SUPPLIED RECORDS section start
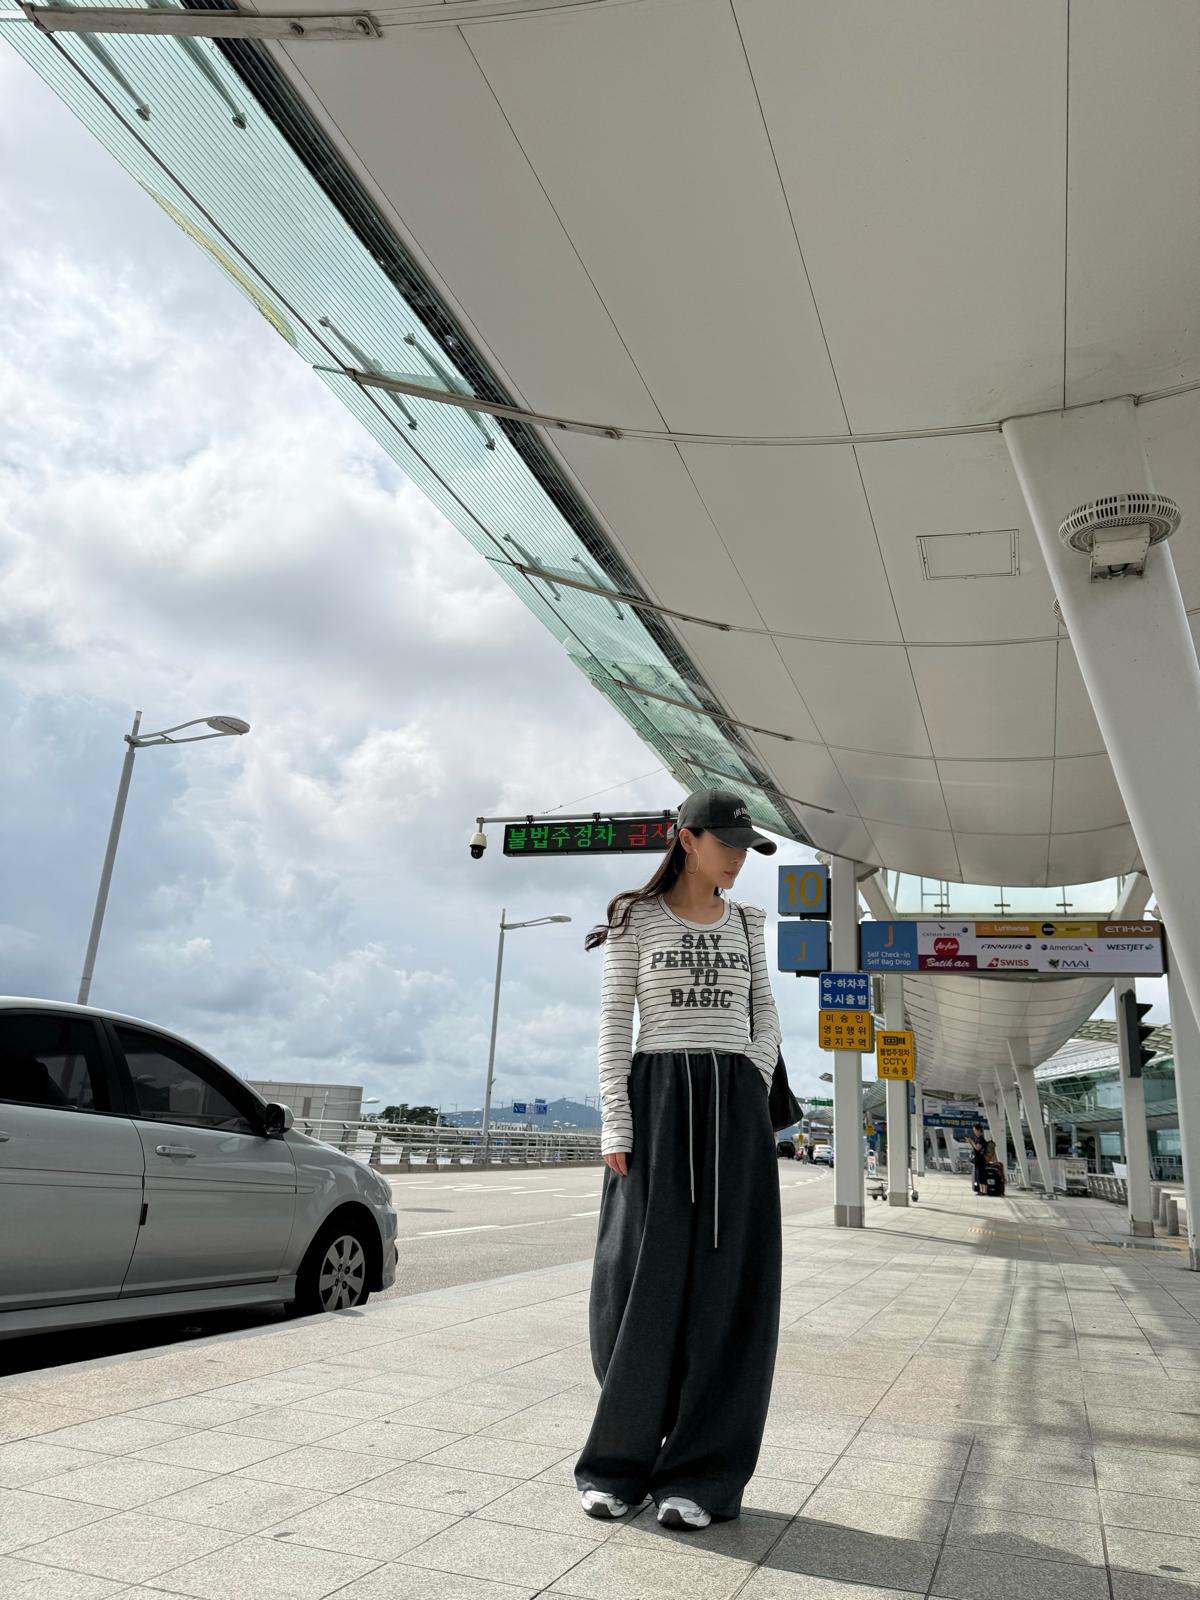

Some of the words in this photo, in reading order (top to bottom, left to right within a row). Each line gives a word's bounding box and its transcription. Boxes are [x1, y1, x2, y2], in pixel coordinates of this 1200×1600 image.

[508, 824, 616, 849] 불법주정차
[783, 871, 822, 907] 10
[883, 926, 894, 948] J
[1104, 925, 1153, 933] ETIHAD
[681, 934, 721, 950] SAY
[1106, 943, 1144, 952] WESTJET
[795, 942, 806, 960] J
[650, 951, 750, 972] PERHAPS
[1000, 959, 1030, 967] SWISS
[1061, 960, 1089, 968] MAI
[690, 968, 719, 986] TO
[670, 988, 733, 1008] BASIC
[823, 993, 867, 1005] 즉시출발
[882, 1057, 908, 1065] CCTV
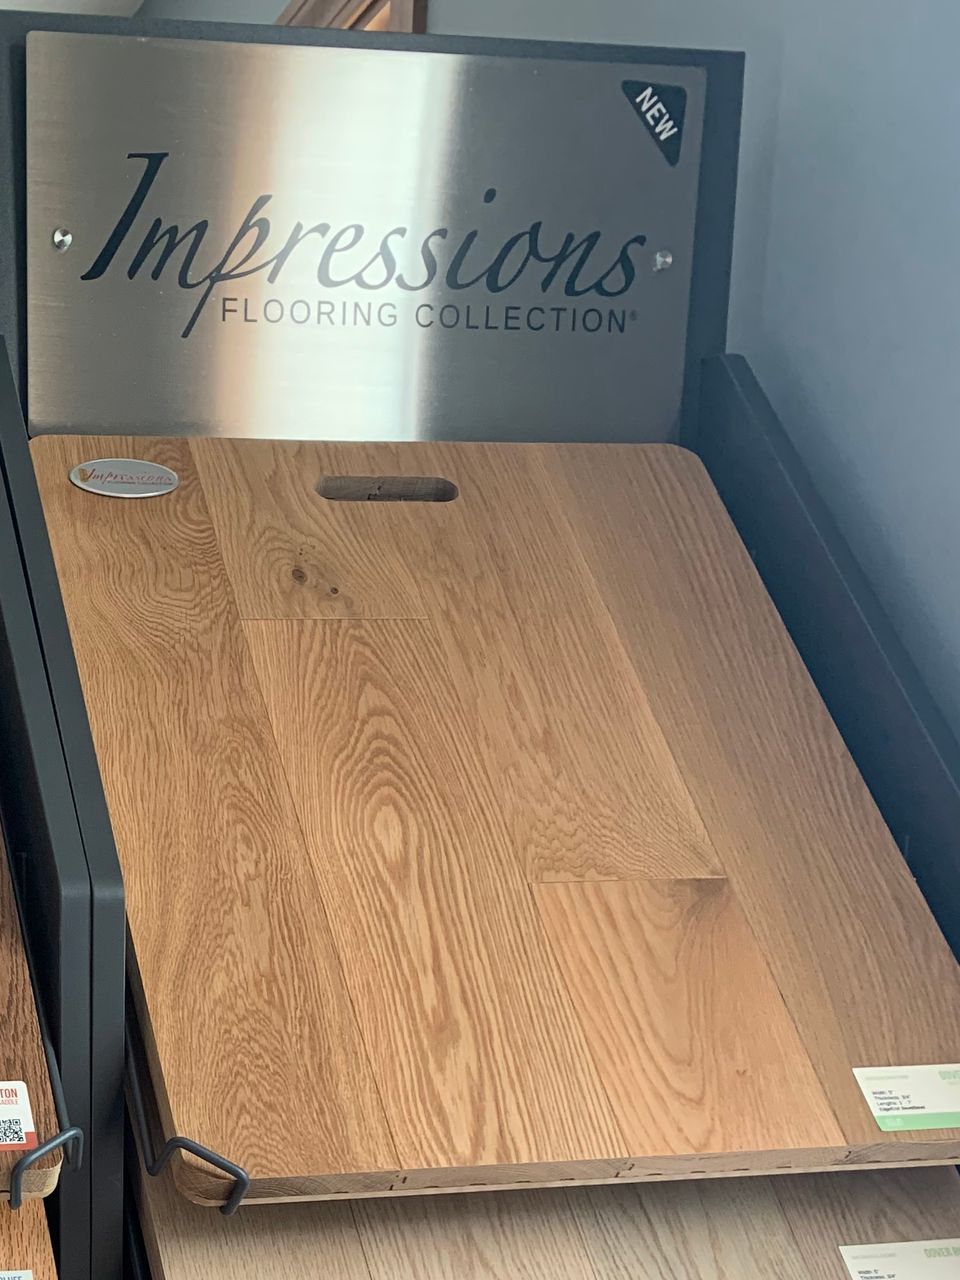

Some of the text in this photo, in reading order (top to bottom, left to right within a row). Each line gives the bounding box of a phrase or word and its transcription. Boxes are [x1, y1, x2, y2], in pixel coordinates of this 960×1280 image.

[634, 85, 678, 142] NEW
[80, 152, 646, 338] Impressions
[220, 297, 399, 328] FLOORING
[87, 468, 172, 485] Impressions
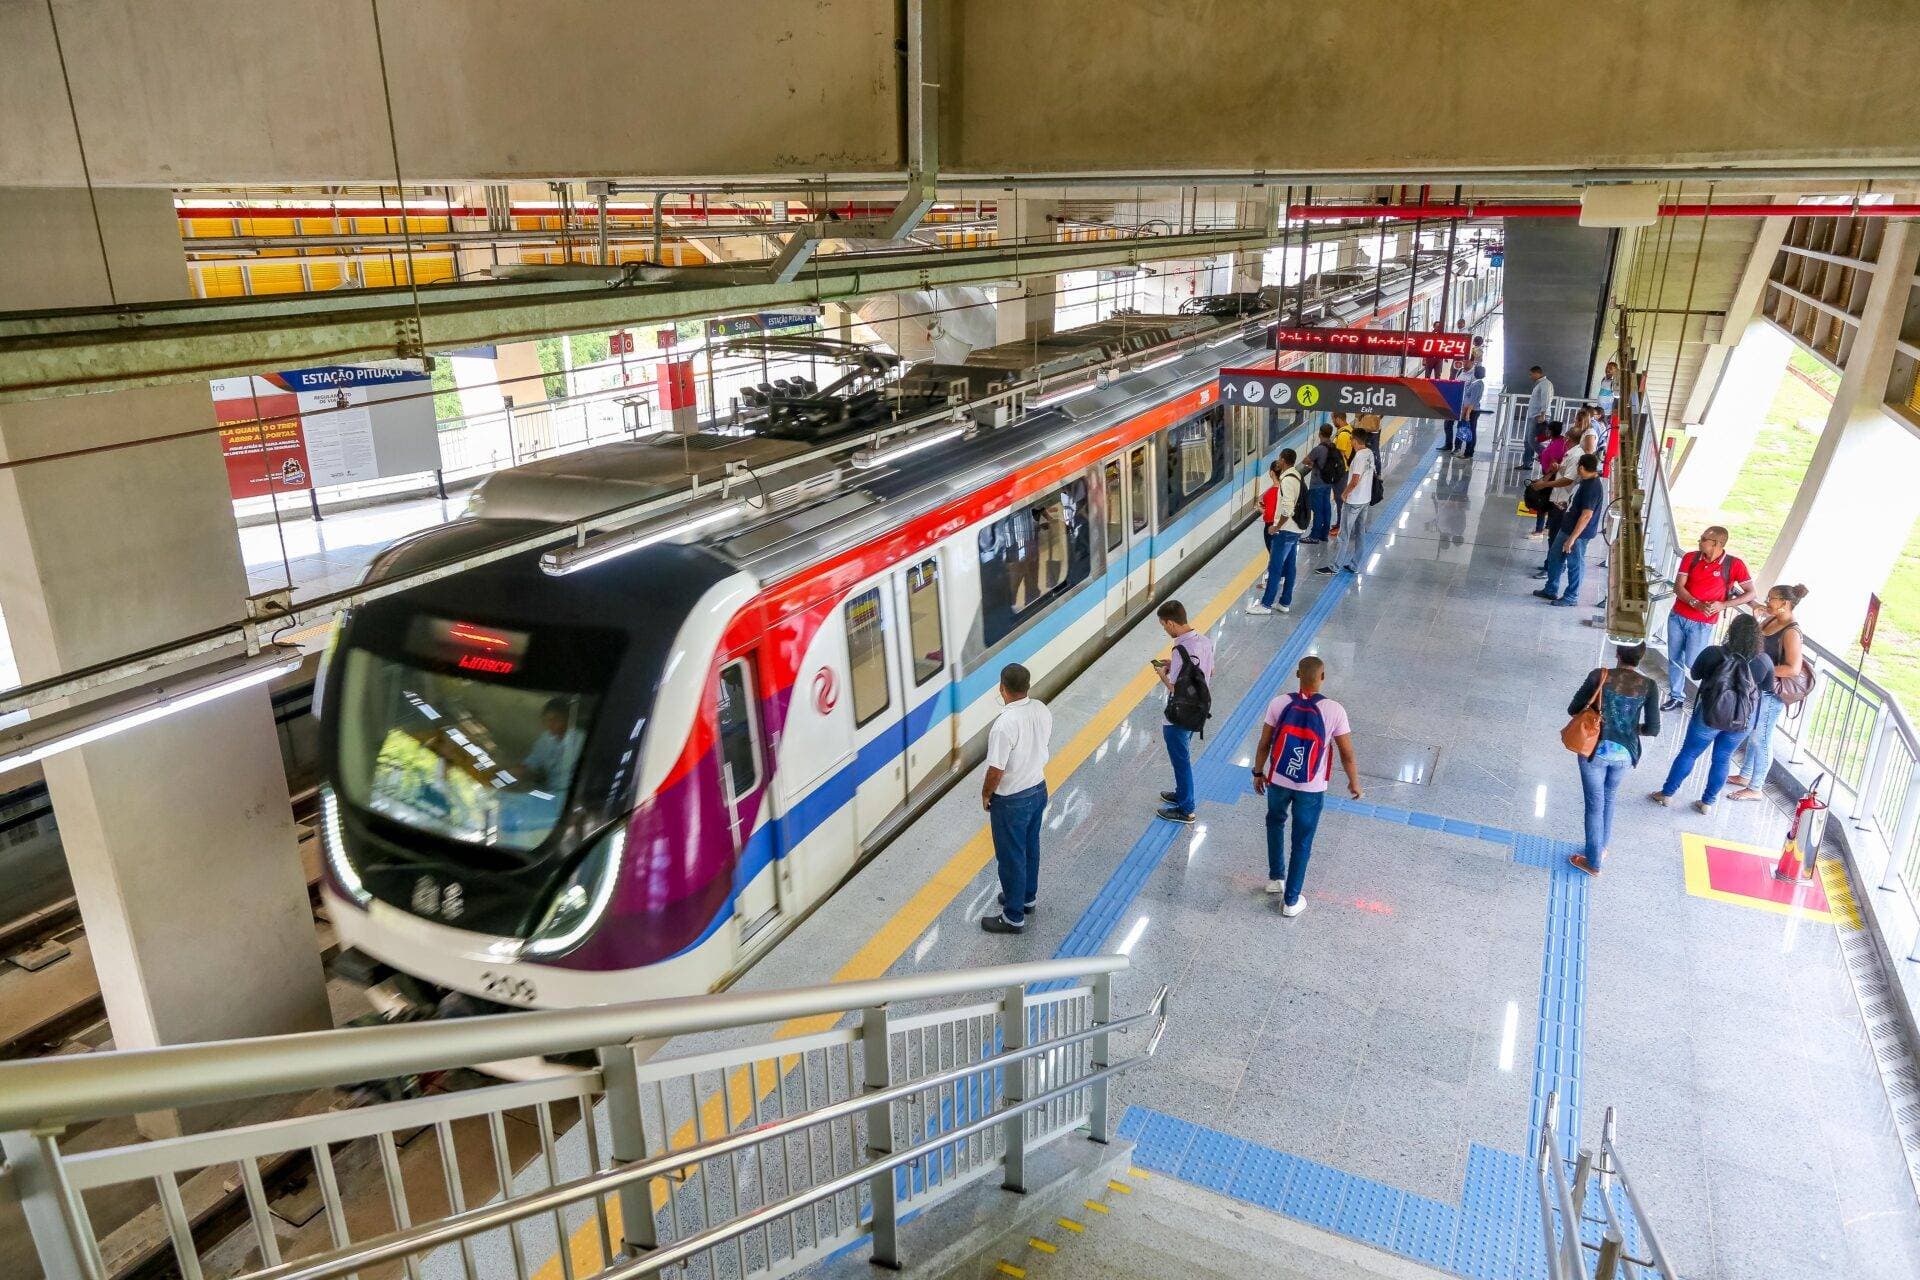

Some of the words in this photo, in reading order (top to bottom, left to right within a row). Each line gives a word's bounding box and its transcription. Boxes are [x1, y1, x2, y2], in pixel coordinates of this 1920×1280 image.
SUPPLIED RECORDS section end
### PROBLEM DETAILS
With all pictures excluded, output exactly the lines from the one containing "Some of the text" through the final line of the entries, inclusive.

### SOLUTION TO THE PROBLEM
Some of the text in this photo, in reading order (top to bottom, left to right within a row). Each line gives the bounding box of a phrase or word and its transcription. Boxes are [x1, y1, x2, y2], in pixel coordinates of this 960×1280 image.

[634, 85, 678, 142] NEW
[80, 152, 646, 338] Impressions
[220, 297, 399, 328] FLOORING
[87, 468, 172, 485] Impressions

Some of the words in this photo, in reading order (top to bottom, left to right within a row). Each line gives a word's bounding box and its transcription. Boxes are [x1, y1, x2, y2], in pixel coordinates of this 1920×1280 image.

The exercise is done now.